## Saved entries
--------

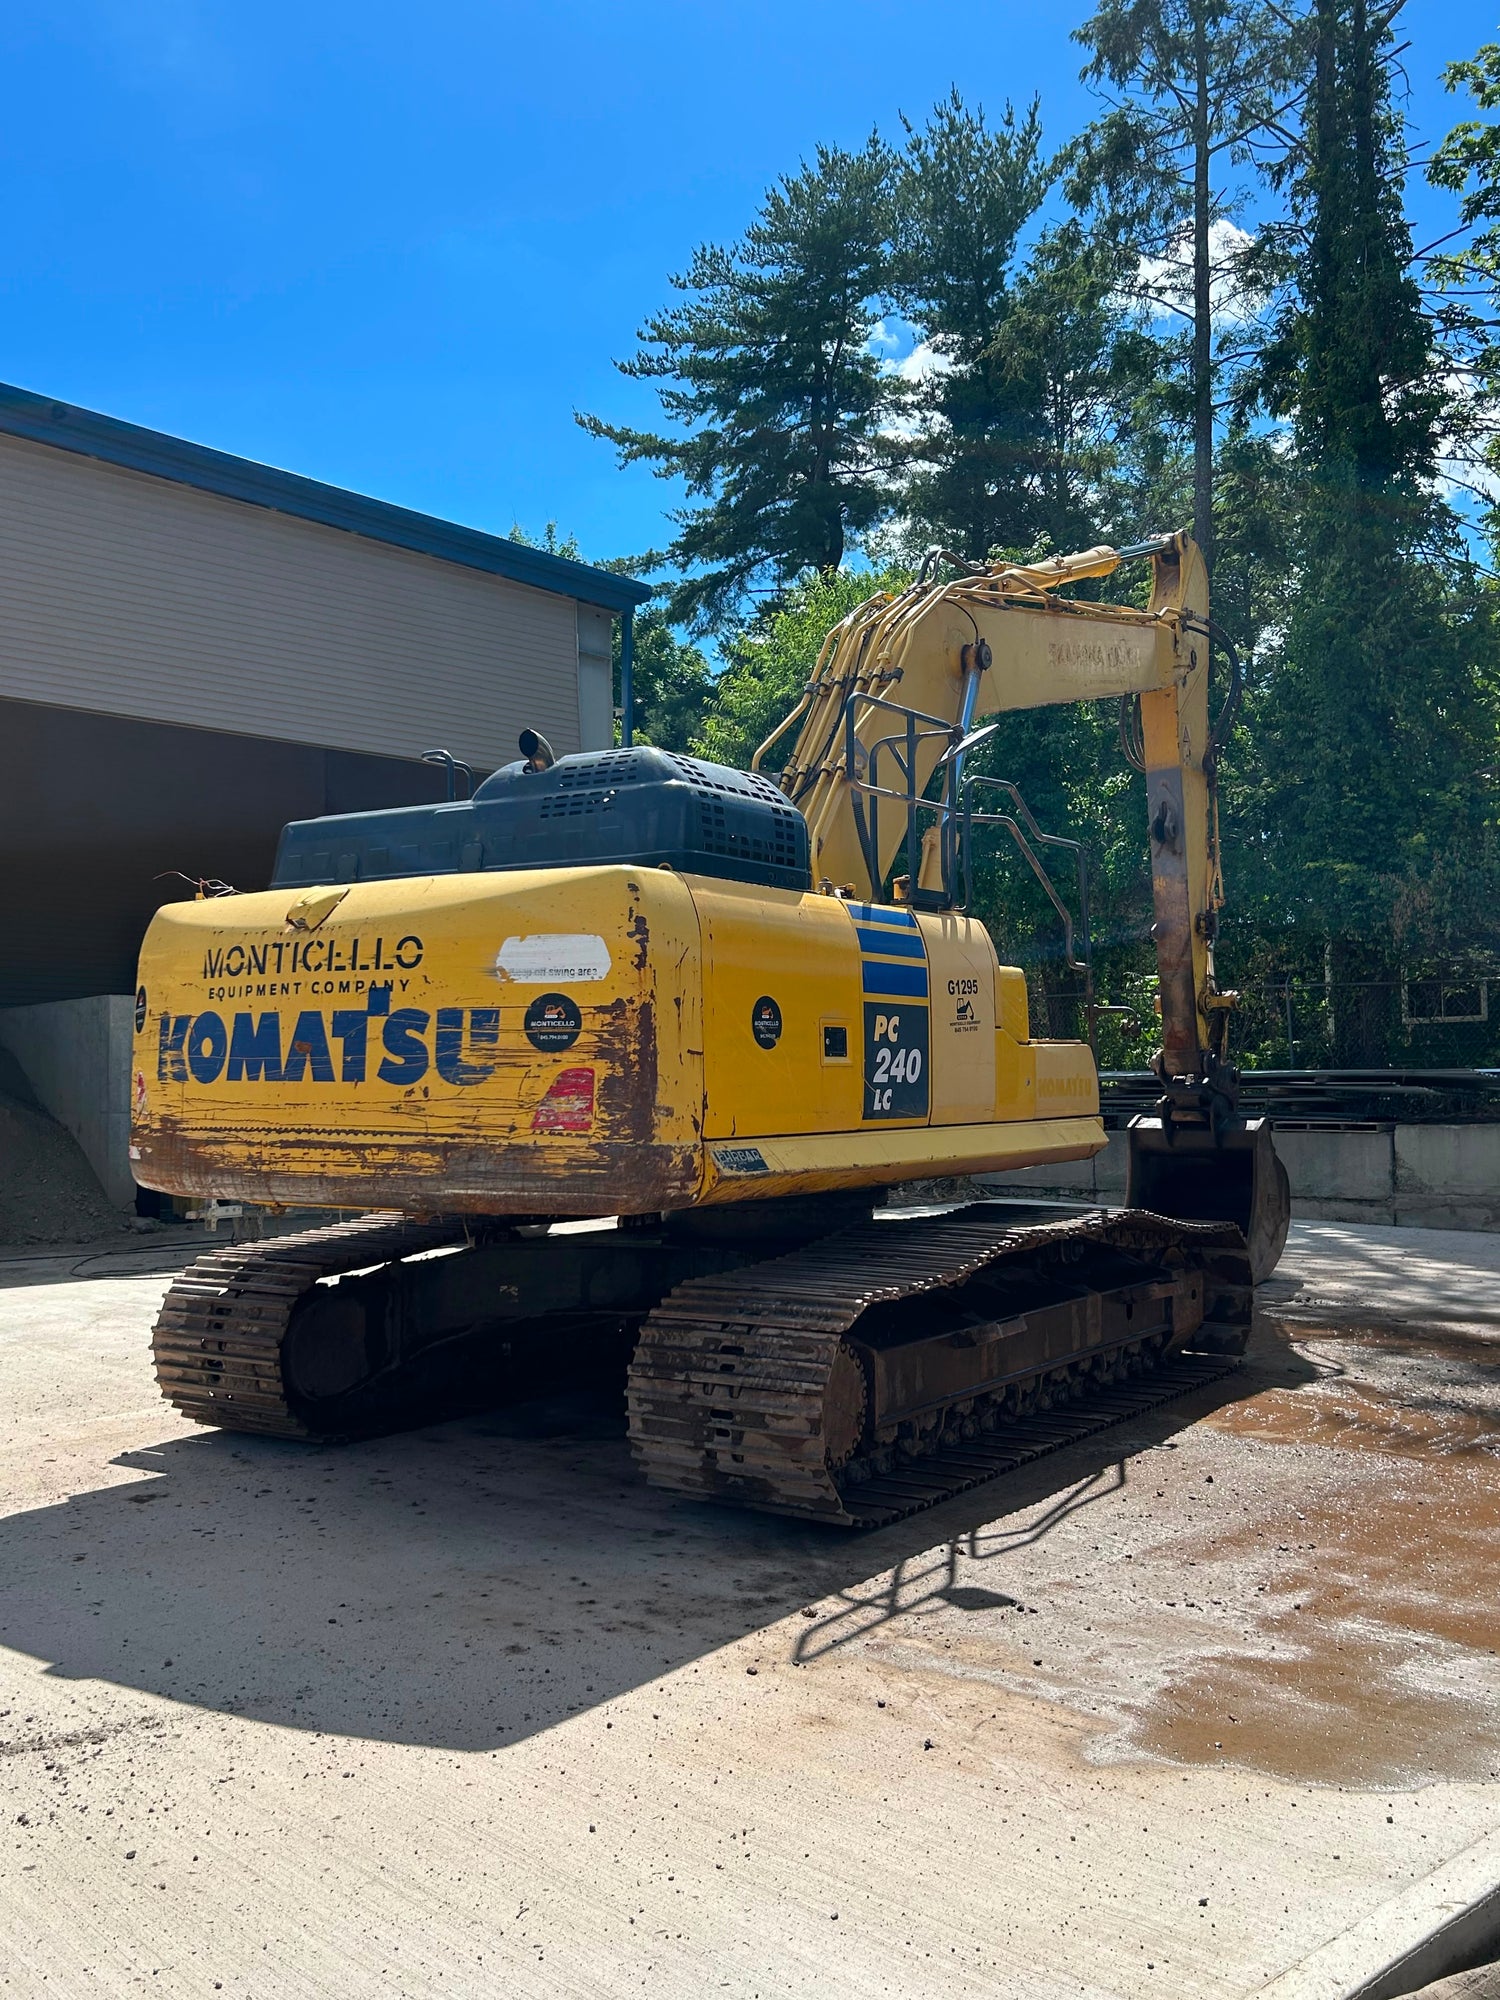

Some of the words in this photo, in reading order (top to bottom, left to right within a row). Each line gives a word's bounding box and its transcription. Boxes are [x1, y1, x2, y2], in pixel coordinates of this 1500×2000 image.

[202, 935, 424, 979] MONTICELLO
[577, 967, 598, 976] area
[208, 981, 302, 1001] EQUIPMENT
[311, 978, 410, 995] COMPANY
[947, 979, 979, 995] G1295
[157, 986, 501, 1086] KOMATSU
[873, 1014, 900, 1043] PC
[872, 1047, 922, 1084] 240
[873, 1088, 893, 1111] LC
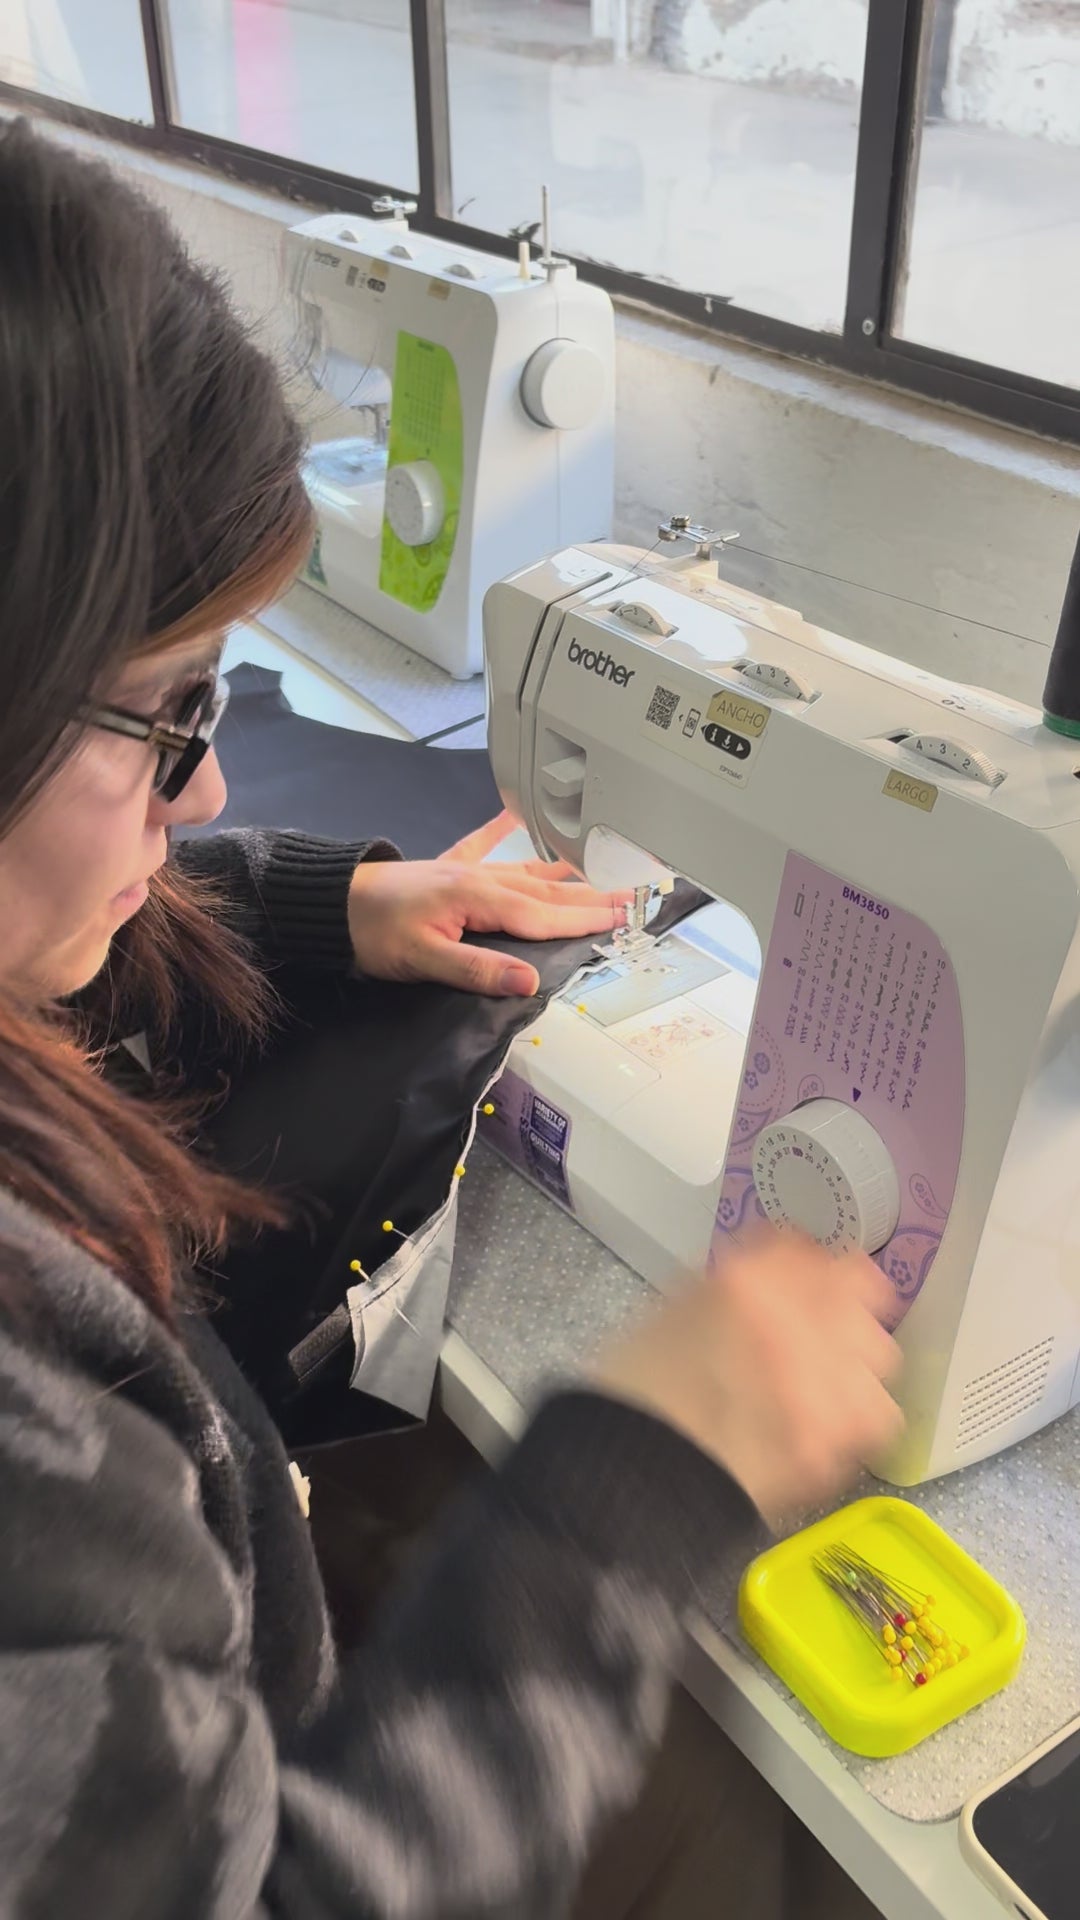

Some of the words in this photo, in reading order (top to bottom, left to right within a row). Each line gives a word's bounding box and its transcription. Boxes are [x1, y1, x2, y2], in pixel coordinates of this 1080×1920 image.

--------

I'd like the entries above repeated exactly, but without any of their pictures.

## Response for this exercise
Some of the words in this photo, in reading order (top to bottom, left to right within a row). Each line gives a word's bounding box and its transcription. Boxes are [x1, y1, x2, y2], in pixel coordinates of this 1500×2000 image.

[202, 935, 424, 979] MONTICELLO
[577, 967, 598, 976] area
[208, 981, 302, 1001] EQUIPMENT
[311, 978, 410, 995] COMPANY
[947, 979, 979, 995] G1295
[157, 986, 501, 1086] KOMATSU
[873, 1014, 900, 1043] PC
[872, 1047, 922, 1084] 240
[873, 1088, 893, 1111] LC

Some of the words in this photo, in reading order (top to bottom, left to right within a row). Each line gives a word's bounding box and its transcription. Boxes are [x1, y1, x2, y2], in pixel coordinates of this 1080×1920 image.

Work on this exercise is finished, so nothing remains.